BB In der Unfallchirurgie hatte ich bislang noch wenige Berührungspunkte mit Operationsrobotern. Dabei sind zum Beispiel in der Urologie oder Allgemeinchirurgie Systeme wie der DaVinci-Roboter schon weiter verbreitet – die nach meinem Verständnis aber eher einen verlängerten, etwas präziseren Menschenarm darstellen. Bis zur voll automatisierten Robotik ohne wesentliches menschliches Zutun ist es sicherlich noch ein ganz weiter Weg aus verschiedensten Gründen. Letztendlich sind solche Entwicklungen hauptsächlich industriegetriggert. Wie sinnhaft solche Neuerungen sind, steht oft auf einem anderen Blatt. Sicher: Die Chirurgen verschließen sich neuen Entwicklungen nicht. Das Gegenteil ist der Fall, da im Zentrum immer das Interesse steht, den Patienten bestmöglich zu versorgen. Der Faktor Mensch in verantwortlicher Position kann in der Gleichung aber nie ganz herausgenommen werden – ich bin auch sicher, dass das im Sinne der Patienten ist. Meiner Meinung nach ist es Aufgabe der Ärzteschaft, genau zu schauen, wo die Sinnhaftigkeit neuer Verfahren liegt und sich zu beraten, Stellung zu beziehen, sowie sinnvolle Entwicklungsprozesse zu begleiten.
änd Im Moment kommen enorm viele Gesundheits- und Medizin-Apps auf den Markt. Fluch oder Segen für die Medizin?
BB Der Bundesgesundheitsminister ist offenbar ein großer Freund davon. Ich bin da etwas vorsichtiger. Letztendlich stehen immer bestimmte Algorithmen dahinter, die nie perfekt in allen Fällen arbeiten können, es liegen ja menschliche Daten zu Grunde. Selbst der „Supercomputer“ Watson von IBM wurde in den USA schon als Heilsbringer gefeiert und viele Unis haben das System gekauft. Inzwischen geben einige Standorte das Thema aber zunächst noch einmal auf, weil die Resultate nicht den Erwartungen entsprachen. Also: Neue Entwicklungen können Sinn machen. Wir sollten aber mit gesunder Skepsis und Augenmaß die Themen Datensicherheit und Nutzen bewerten und als Ärzte und Gesundheitsexperten solche Einführungsprozesse begleiten.

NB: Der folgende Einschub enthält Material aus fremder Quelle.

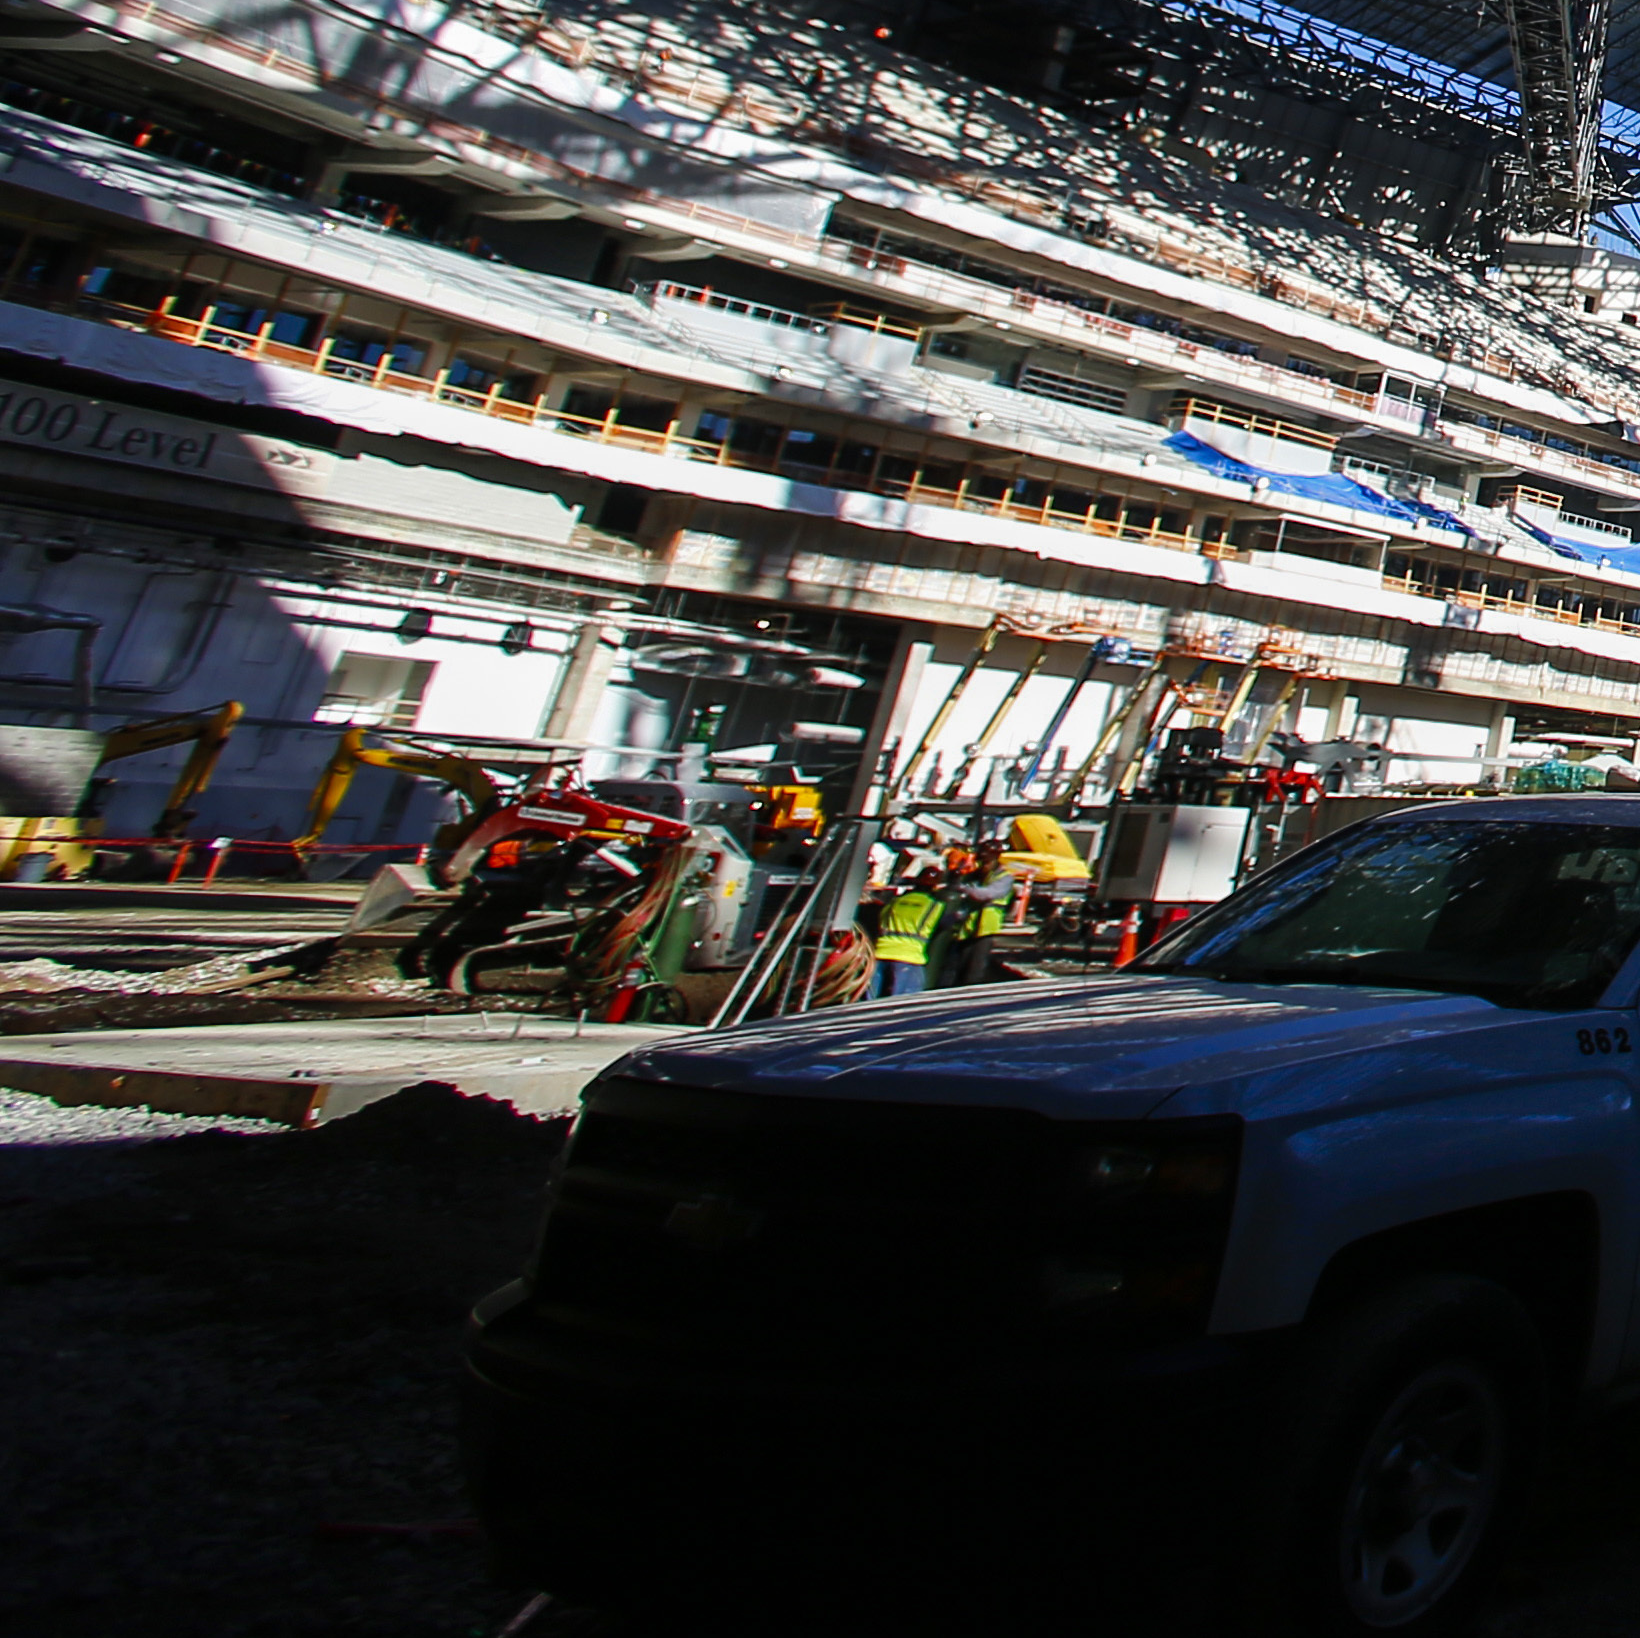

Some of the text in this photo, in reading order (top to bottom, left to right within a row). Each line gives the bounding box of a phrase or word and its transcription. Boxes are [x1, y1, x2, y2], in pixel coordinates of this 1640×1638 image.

[0, 392, 220, 469] 100 Level
[1576, 1027, 1632, 1055] 862

änd Das größte IT-Projekt im Gesundheitswesen ist ja hierzulande nach wie vor der Aufbau der TelematikInfrastruktur. Im Zuge dessen sollen die Notfalldaten der Patienten auch auf der elektronischen Gesundheitskarte gespeichert werden. Eine sinnvolle Neuerung?

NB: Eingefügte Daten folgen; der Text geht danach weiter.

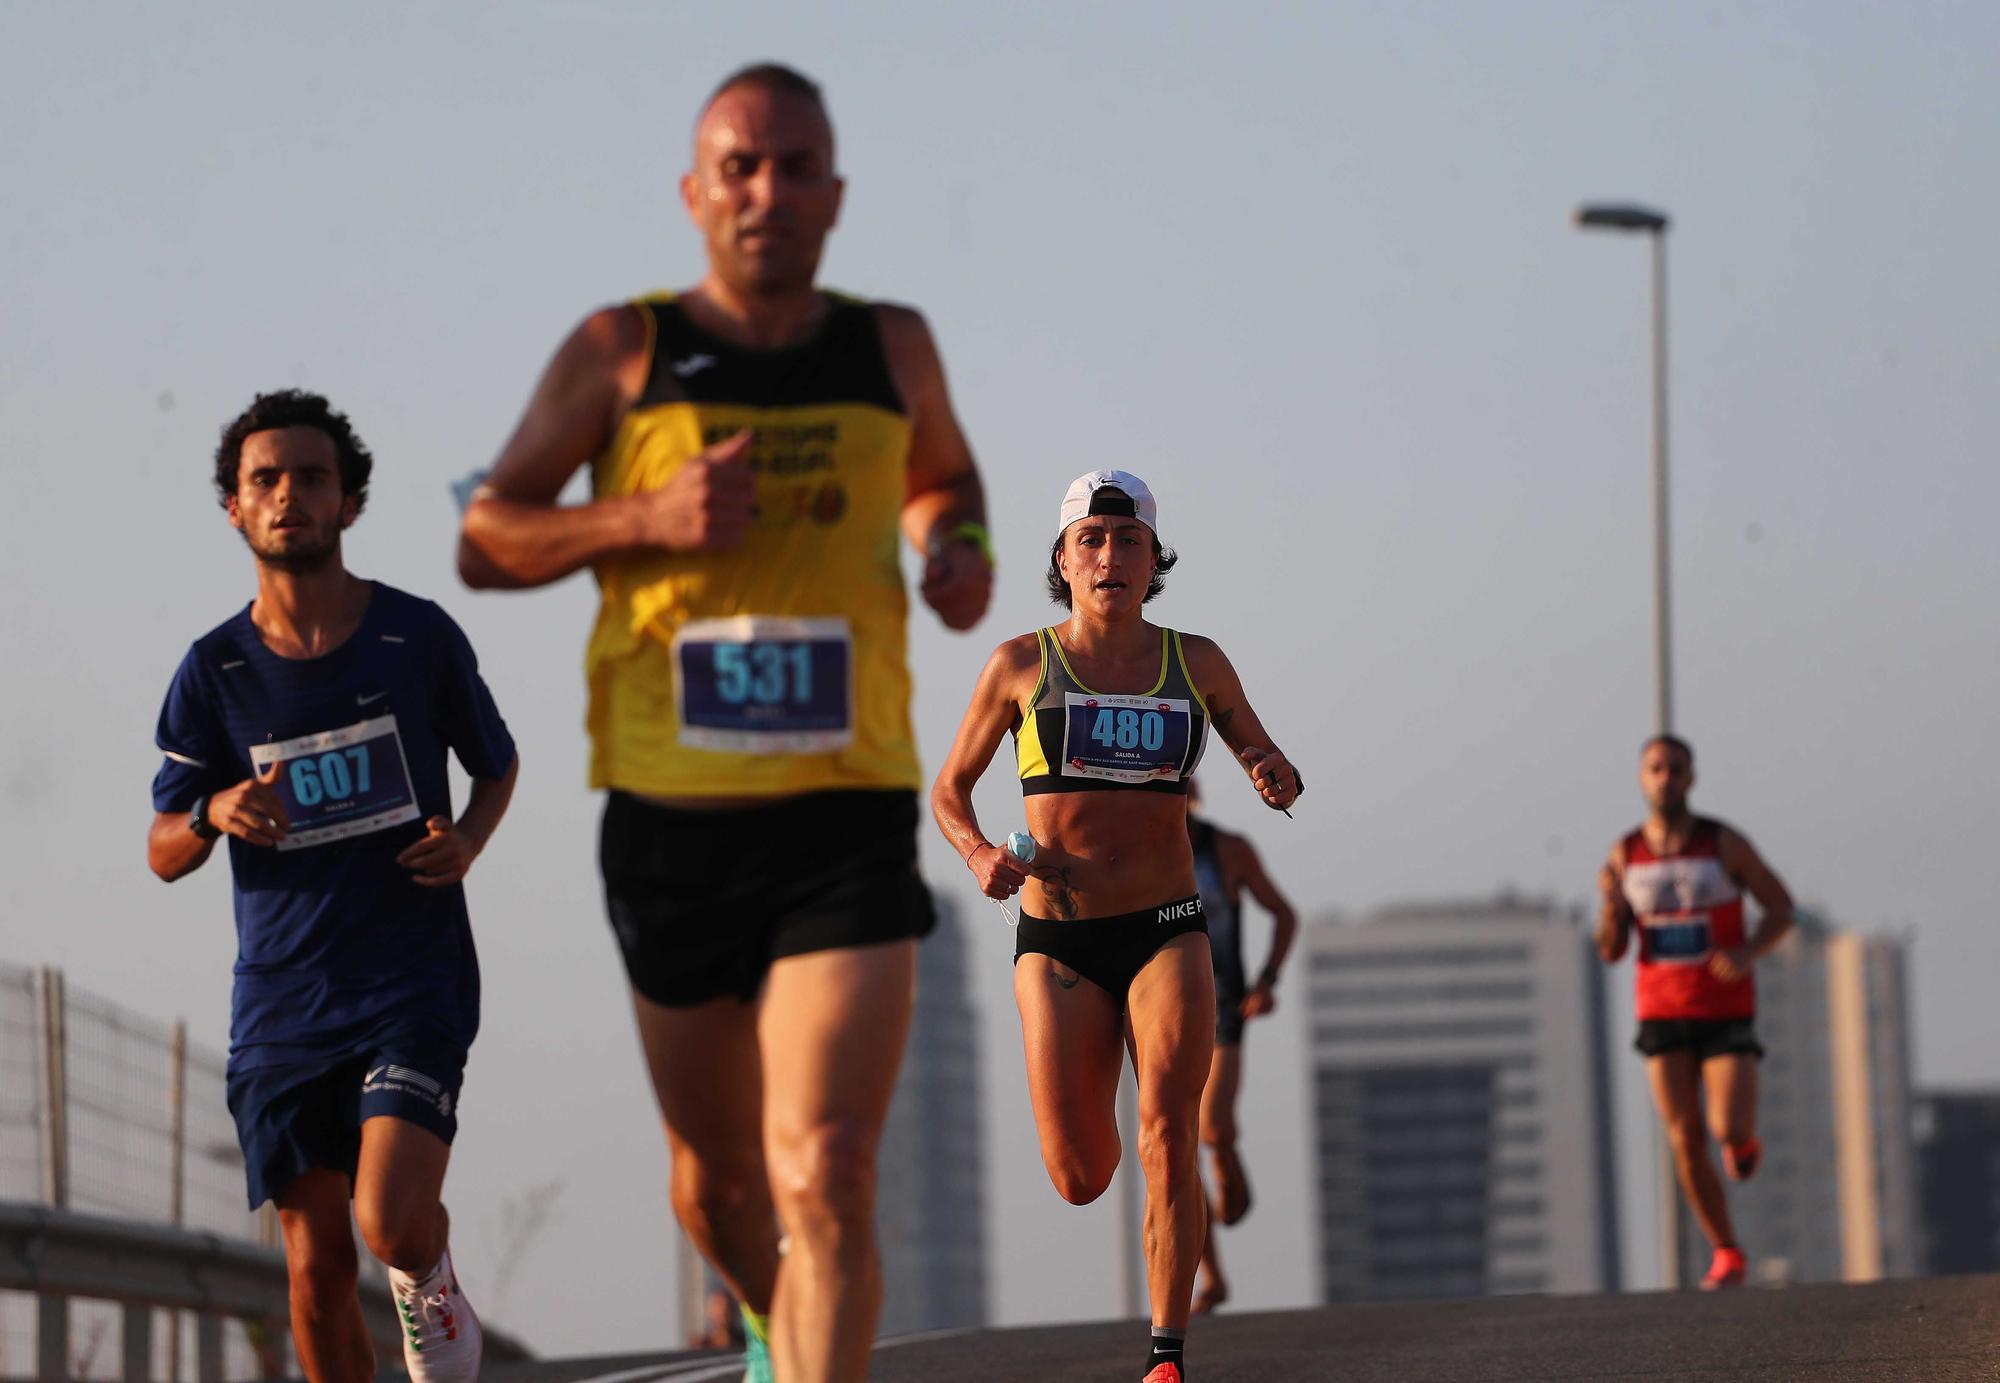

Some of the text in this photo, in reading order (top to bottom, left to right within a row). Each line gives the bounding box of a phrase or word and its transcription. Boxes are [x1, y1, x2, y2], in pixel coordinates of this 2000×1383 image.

BB Ich denke schon. Nehmen wir beispielsweise die Situation, wenn ein Patient nach einem Unfall nicht ansprechbar ist. Dann können solche Informationen für die Arbeit in den Kliniken helfen: Hat der Patient eine spezielle Allergie oder Vorerkrankung? Das sind schon wichtige Angaben, die Einfluss auf die Wahl der besten Behandlungsmöglichkeit haben können. Ob es dann Sinn macht, dass die nur auf der Karte zu finden sind, die unter Umständen nicht mitgeführt wird, bleibt zu diskutieren. Grundsätzlich sollten diese Daten in einem sicheren System für die Häuser leicht abrufbar sein.
änd Was sind im Rahmen Ihrer Arbeit im BDC nun die nächsten Schritte und Projekt?

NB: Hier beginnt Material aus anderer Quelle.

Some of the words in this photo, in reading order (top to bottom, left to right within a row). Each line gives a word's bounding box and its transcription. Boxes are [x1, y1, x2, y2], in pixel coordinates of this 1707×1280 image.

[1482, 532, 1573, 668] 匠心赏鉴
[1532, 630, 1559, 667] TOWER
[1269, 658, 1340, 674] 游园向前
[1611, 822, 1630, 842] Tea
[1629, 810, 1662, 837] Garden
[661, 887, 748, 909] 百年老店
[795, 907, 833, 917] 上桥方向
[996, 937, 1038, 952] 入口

BB Da läuft im Moment sehr viel. Wir arbeiten zum Beispiel an ganz konkreten Projekten für die Studierenden und die Verbesserungen der Lehrbedingungen/Möglichkeiten. Auch wollen wir die chirurgischen Nachwuchsvertreter über mehrere Organisationen hinweg besser verknüpfen. Ganz konkret gibt es dazu ein Netzwerk-Projekt der DGCH, bei dem wir eine Online-Landkarte von Deutschland aufbauen – und den Studierenden zeigen, wo sie in unmittelbaren Kontakt mit erfahrenen Mentoren jeglicher chirurgischer Fachgebiete treten können. Da erschaffen wir neue Möglichkeiten, die PJ und Famulatur so nicht bieten können und darüber hinaus auch die jungen Chirurgen der verschiedenen Fachgebiete verbindet. Ich freue mich schon sehr auf die nächsten Schritte.
Braun BJ: „Die Ausbildungsbedingungen müssen sich in allen Regionen verbessern“. Passion Chirurgie. 2019 Juni, 9(06): Artikel 04_02.